Dataset extract.
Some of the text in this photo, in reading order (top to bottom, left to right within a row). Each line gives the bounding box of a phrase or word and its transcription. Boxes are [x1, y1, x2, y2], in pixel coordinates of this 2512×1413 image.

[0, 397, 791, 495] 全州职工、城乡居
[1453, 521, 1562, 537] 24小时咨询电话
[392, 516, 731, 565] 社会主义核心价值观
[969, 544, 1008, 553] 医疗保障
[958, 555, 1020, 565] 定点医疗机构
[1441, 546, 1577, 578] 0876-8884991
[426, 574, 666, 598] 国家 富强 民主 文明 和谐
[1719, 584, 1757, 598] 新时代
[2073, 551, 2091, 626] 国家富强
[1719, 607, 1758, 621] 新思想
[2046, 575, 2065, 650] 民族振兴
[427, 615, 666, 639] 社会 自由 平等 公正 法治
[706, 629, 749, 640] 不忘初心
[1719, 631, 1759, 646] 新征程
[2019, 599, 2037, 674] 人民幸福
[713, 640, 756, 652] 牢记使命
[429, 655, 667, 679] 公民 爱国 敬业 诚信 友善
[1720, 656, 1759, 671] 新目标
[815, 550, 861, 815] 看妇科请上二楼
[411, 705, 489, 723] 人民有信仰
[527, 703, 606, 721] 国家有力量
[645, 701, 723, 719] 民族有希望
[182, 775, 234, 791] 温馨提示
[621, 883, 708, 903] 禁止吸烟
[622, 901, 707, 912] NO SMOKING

Activity. Would you restate the material word for word, leaving nothing out?

Result.
Some of the text in this photo, in reading order (top to bottom, left to right within a row). Each line gives the bounding box of a phrase or word and its transcription. Boxes are [x1, y1, x2, y2], in pixel coordinates of this 2512×1413 image.

[0, 397, 791, 495] 全州职工、城乡居
[1453, 521, 1562, 537] 24小时咨询电话
[392, 516, 731, 565] 社会主义核心价值观
[969, 544, 1008, 553] 医疗保障
[958, 555, 1020, 565] 定点医疗机构
[1441, 546, 1577, 578] 0876-8884991
[426, 574, 666, 598] 国家 富强 民主 文明 和谐
[1719, 584, 1757, 598] 新时代
[2073, 551, 2091, 626] 国家富强
[1719, 607, 1758, 621] 新思想
[2046, 575, 2065, 650] 民族振兴
[427, 615, 666, 639] 社会 自由 平等 公正 法治
[706, 629, 749, 640] 不忘初心
[1719, 631, 1759, 646] 新征程
[2019, 599, 2037, 674] 人民幸福
[713, 640, 756, 652] 牢记使命
[429, 655, 667, 679] 公民 爱国 敬业 诚信 友善
[1720, 656, 1759, 671] 新目标
[815, 550, 861, 815] 看妇科请上二楼
[411, 705, 489, 723] 人民有信仰
[527, 703, 606, 721] 国家有力量
[645, 701, 723, 719] 民族有希望
[182, 775, 234, 791] 温馨提示
[621, 883, 708, 903] 禁止吸烟
[622, 901, 707, 912] NO SMOKING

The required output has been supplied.